What is the best $100 you recently spent? What and why?

I bought my wife her favorite bottle of wine and cooked her favorite dinner, well worth it.

What is one piece of software or a web service that helps you be productive?

Trello is a fantastic tool to use. Trello helps you to organize just about anything. It can be used individually or with teams. I can’t recommend Trello enough to help reduce stress, increase productivity, and help to increase control over your schedule.

What is the one book that you recommend our community should read and why?

Personally, I love to read. I don’t have one book that I would recommend. My recommendation is to read what you like. Turn the TV off and pick up a good book. It will stimulate your cognitive processes and foster creativity. You can read fiction, non-fiction, or anything that brings enjoyment. This is particularly valuable at night. When watching TV or looking at your smart phone your neurotransmitters and hormones become dysregulated. For example, melatonin is an important hormone that helps you sleep; however, is secreted far less when you are exposed to light, especially blue-wavelength light from technology. This leads to greatly reduced sleep quality and quantity, resulting in significantly diminished productivity the next day.
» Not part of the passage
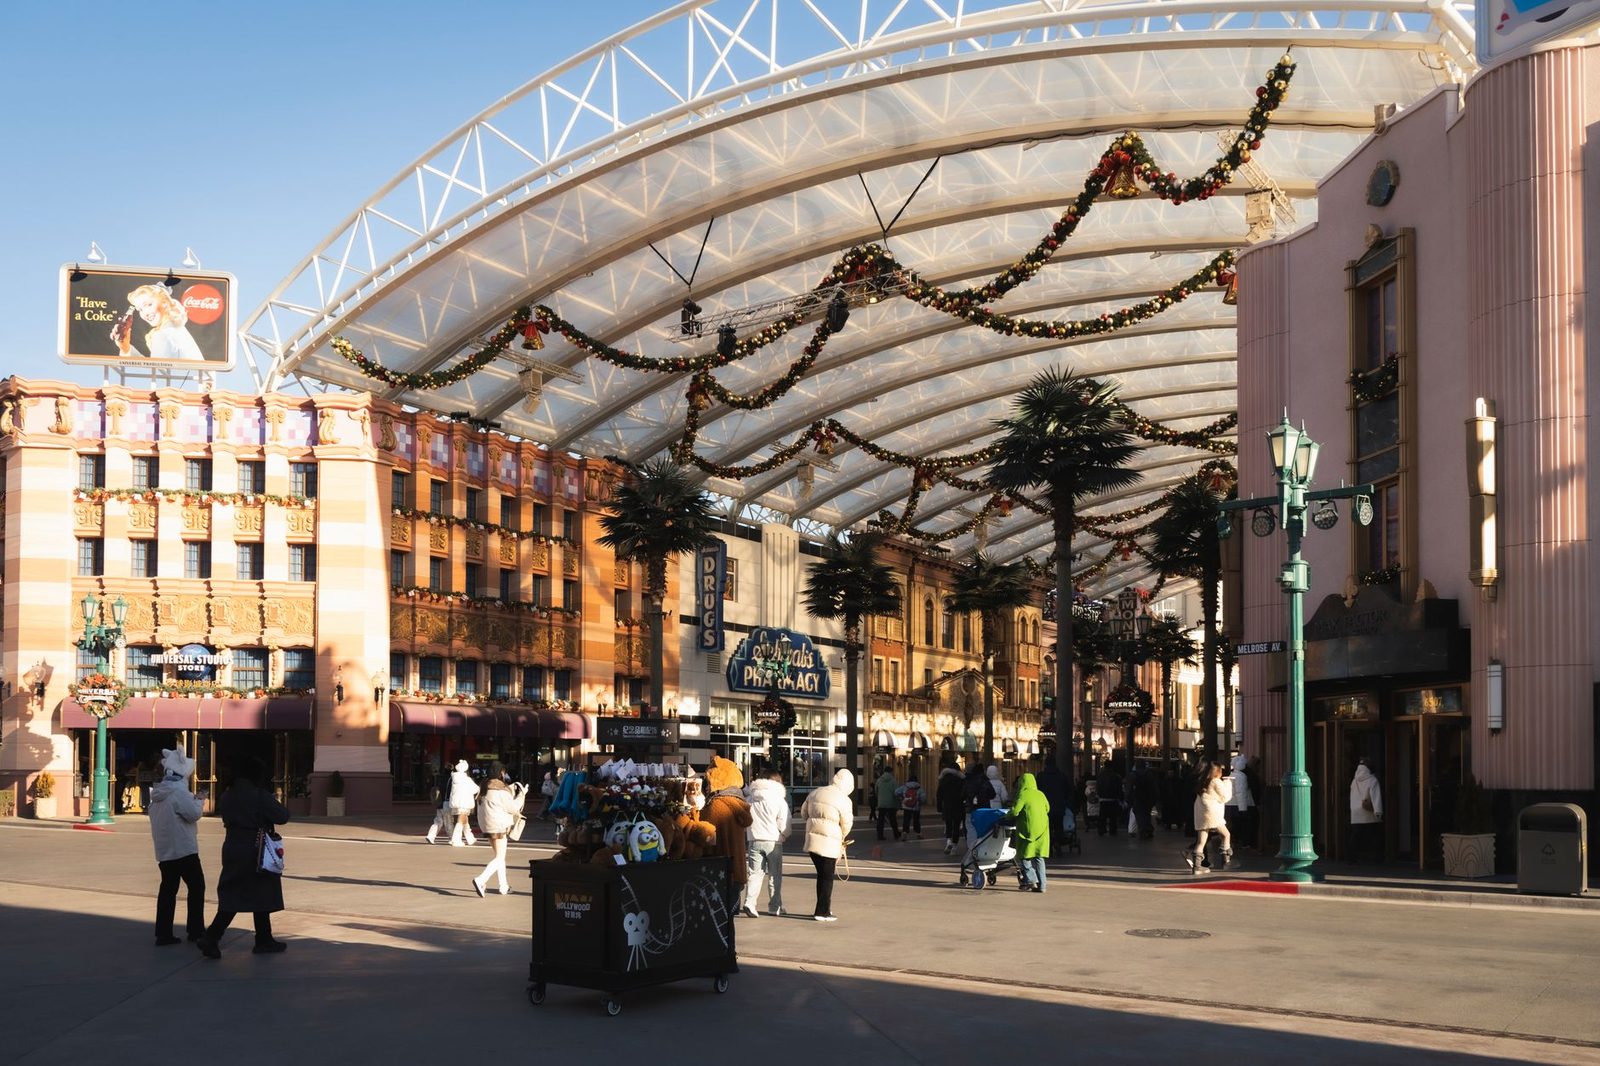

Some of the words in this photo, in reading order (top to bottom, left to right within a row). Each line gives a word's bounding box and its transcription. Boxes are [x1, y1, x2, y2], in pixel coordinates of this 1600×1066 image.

What is your favorite quote?

“Your future is yours to make, so make it a good one.” Doc Brown from Back to the Future.

Key Learnings:

• Learn about stress reactivity and how to manage it. It is not as simple to understand as the popular media reports.
• Manage your schedule. Do not let it manage you.
• Balance your life. Personal is just as important as professional. The human mind does not handle imbalance well. Attend to the whole picture of your life. This will lead to reduced stress, greater happiness, and more effective outcomes in all areas.
• Do not multitask. It is impossible for the logical functioning centers of the brain to process multiple tasks simultaneously. Do one thing at a time and do it well.